- [Your assignment] Please begin with the line containing "Some of the words" and reproduce each line exactly until the records below end, without any pictures.

[Start of section]

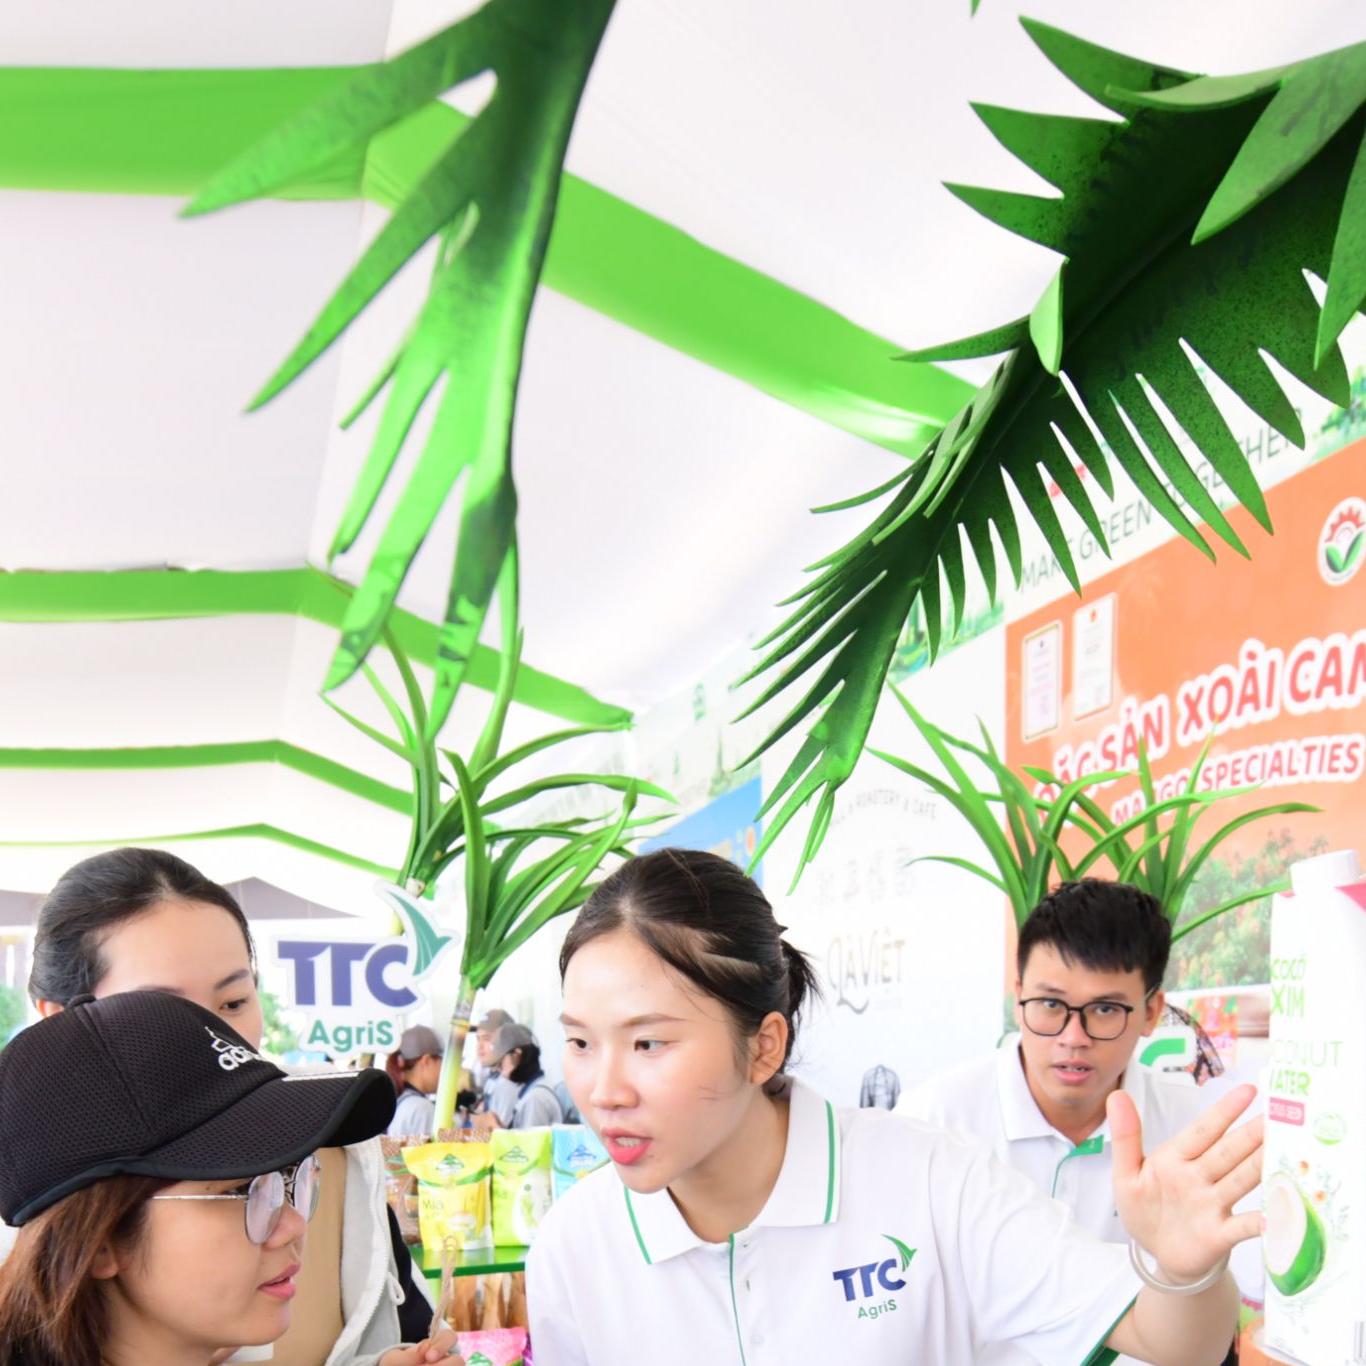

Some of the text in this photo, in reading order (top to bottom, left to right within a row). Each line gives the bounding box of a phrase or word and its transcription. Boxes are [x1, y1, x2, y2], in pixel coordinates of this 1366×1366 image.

[1183, 652, 1277, 737] XOÀI
[1202, 741, 1362, 792] SPECIALTIES
[278, 940, 418, 1007] TTC
[308, 1019, 393, 1052] AgriS
[832, 1258, 907, 1302] TTC
[858, 1299, 897, 1319] AgriS
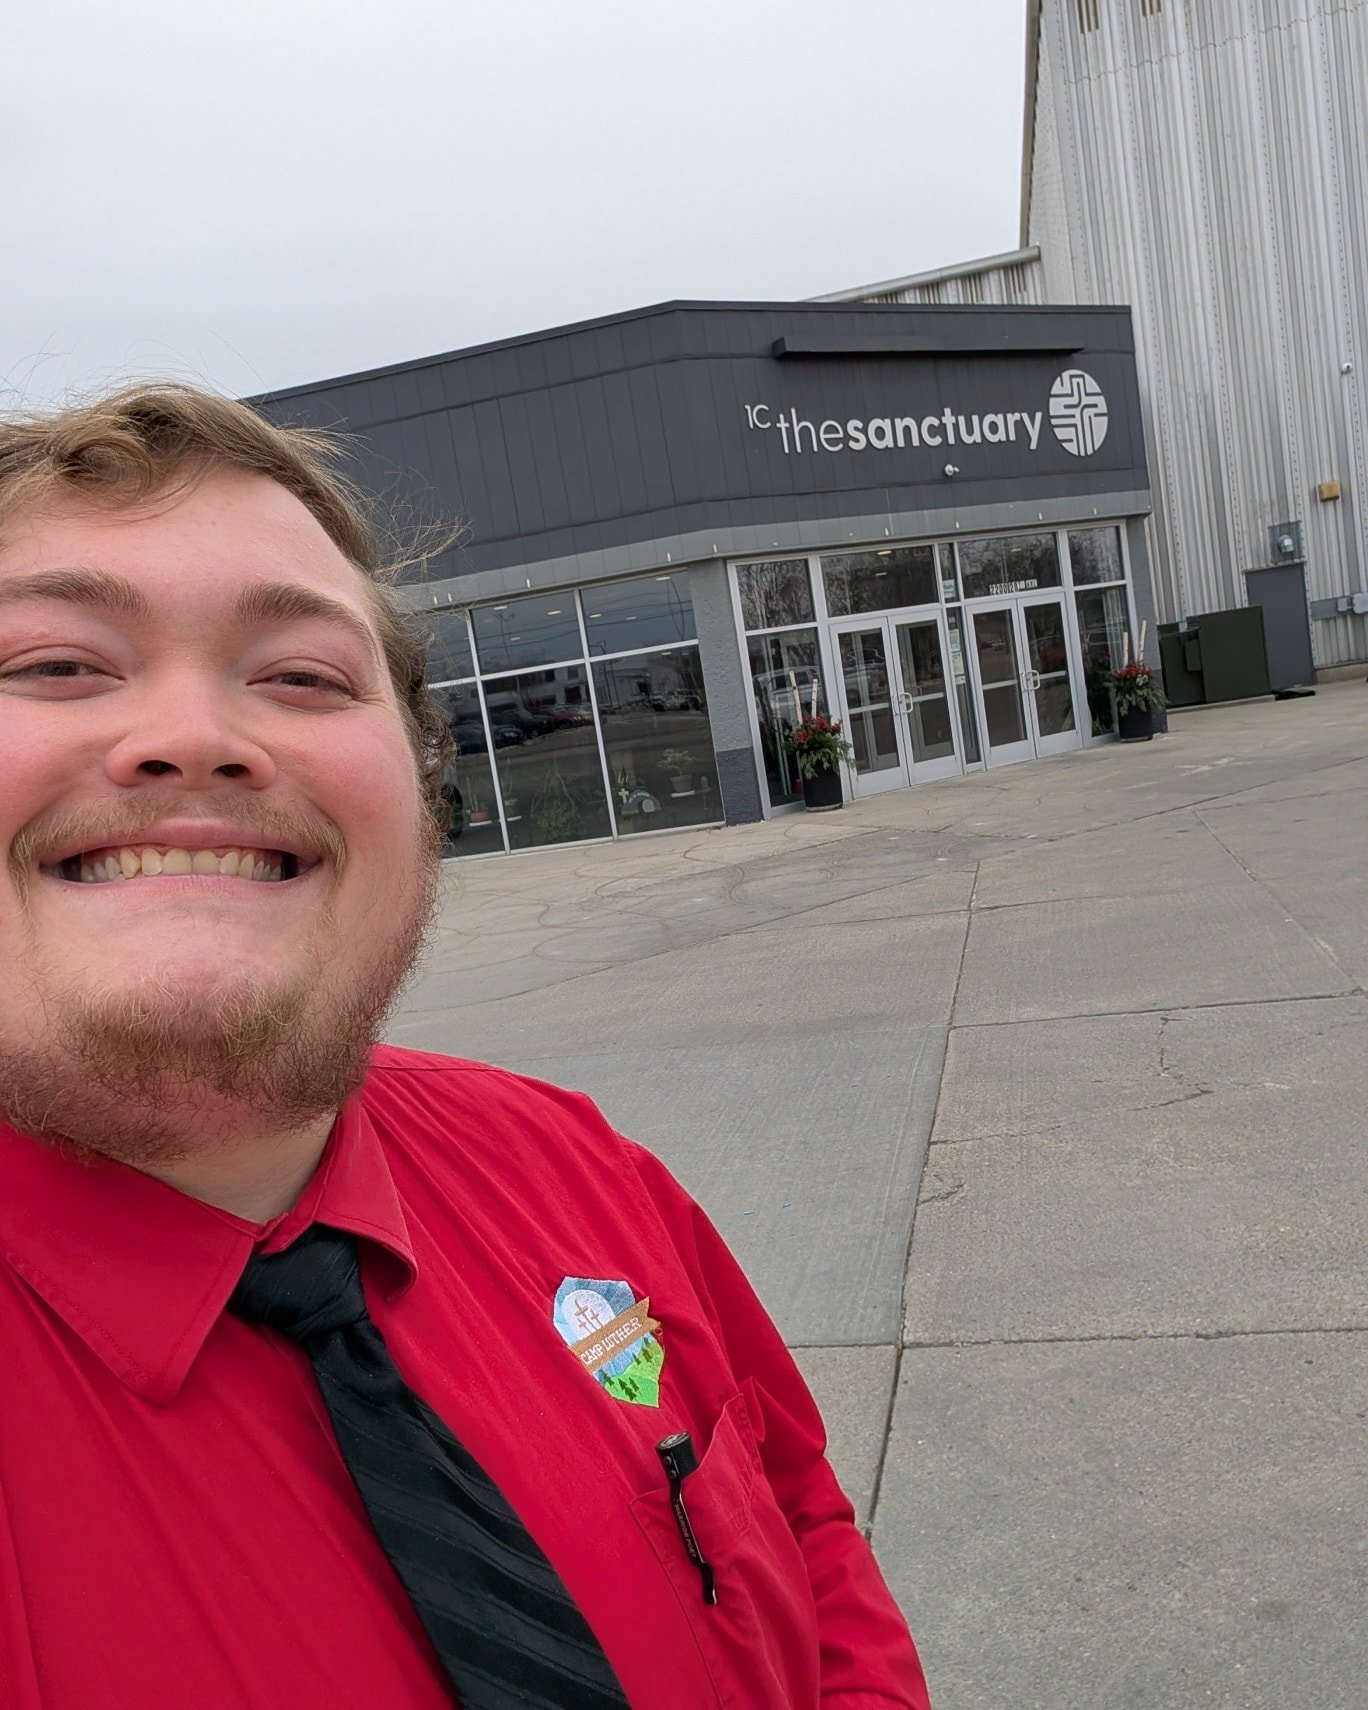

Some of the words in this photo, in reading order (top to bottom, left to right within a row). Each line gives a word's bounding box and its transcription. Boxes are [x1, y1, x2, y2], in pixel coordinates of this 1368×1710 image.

[744, 404, 772, 430] 1C
[580, 1343, 604, 1365] CAMP
[601, 1317, 643, 1352] LUTHER
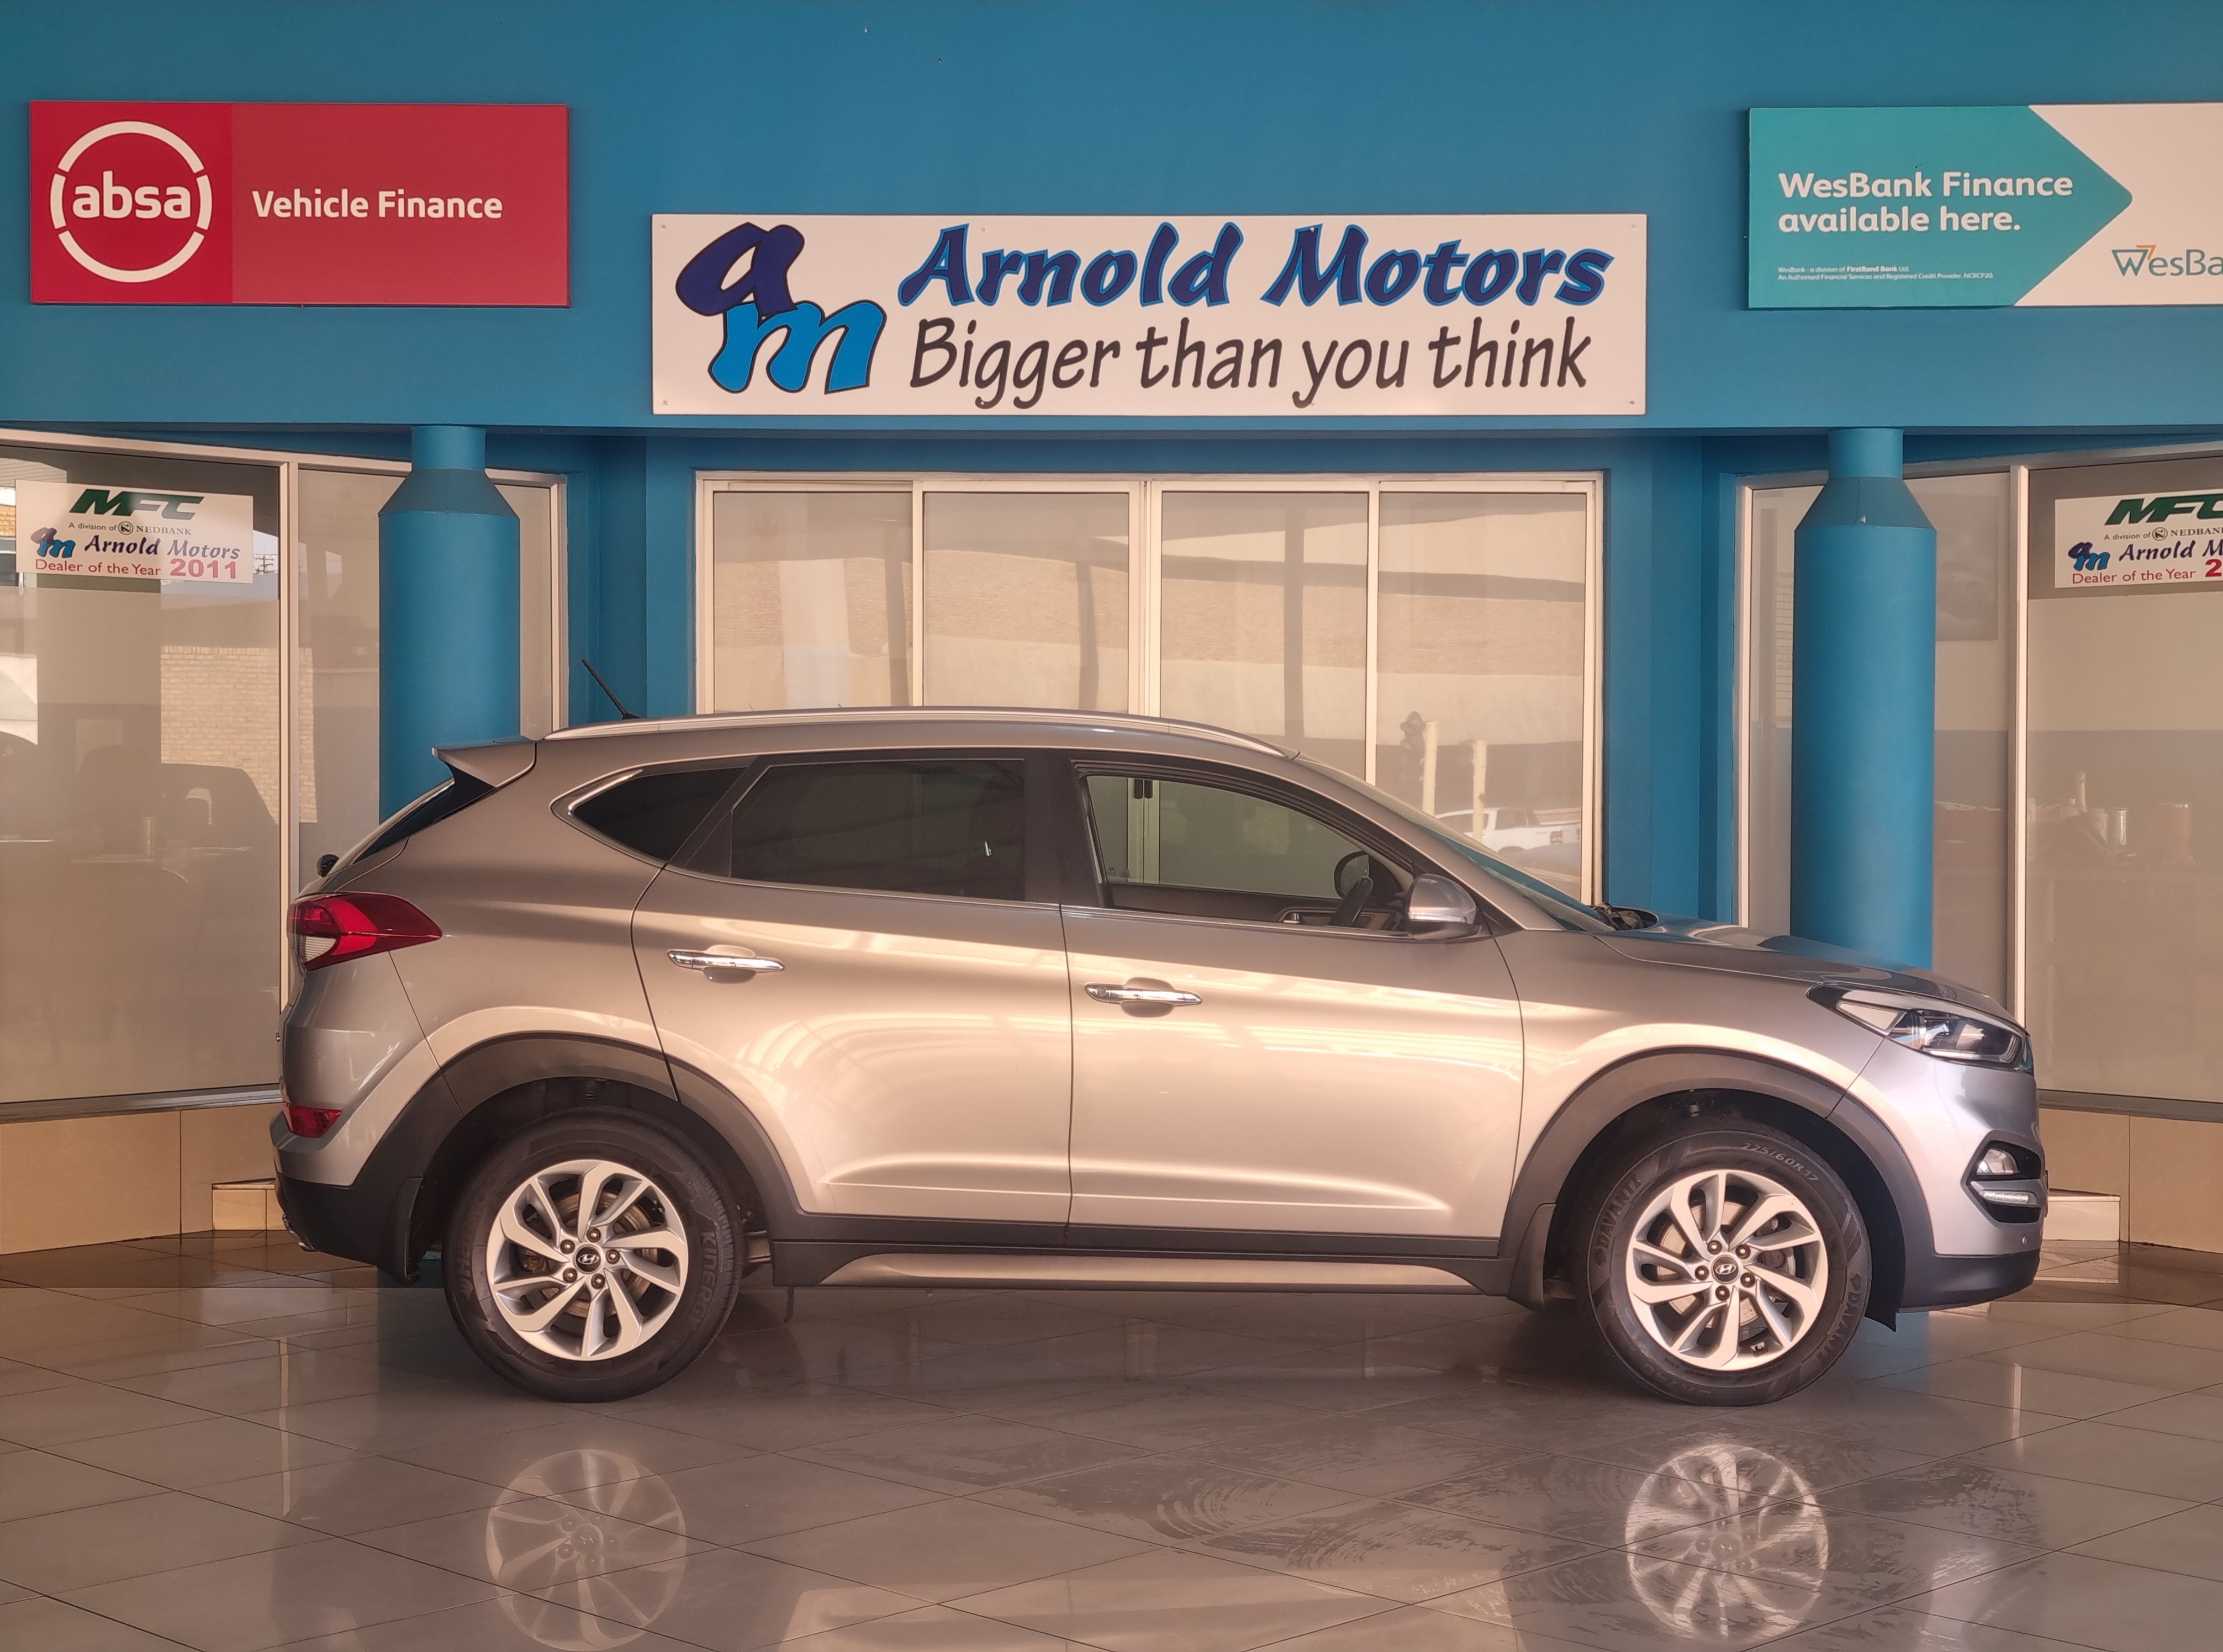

[End of section]

- [Result of the task]
Some of the words in this photo, in reading order (top to bottom, left to right within a row). Each line gives a word's bounding box and its transcription. Boxes are [x1, y1, x2, y2], in pixel coordinates of this 1368×1710 image.

[744, 404, 772, 430] 1C
[580, 1343, 604, 1365] CAMP
[601, 1317, 643, 1352] LUTHER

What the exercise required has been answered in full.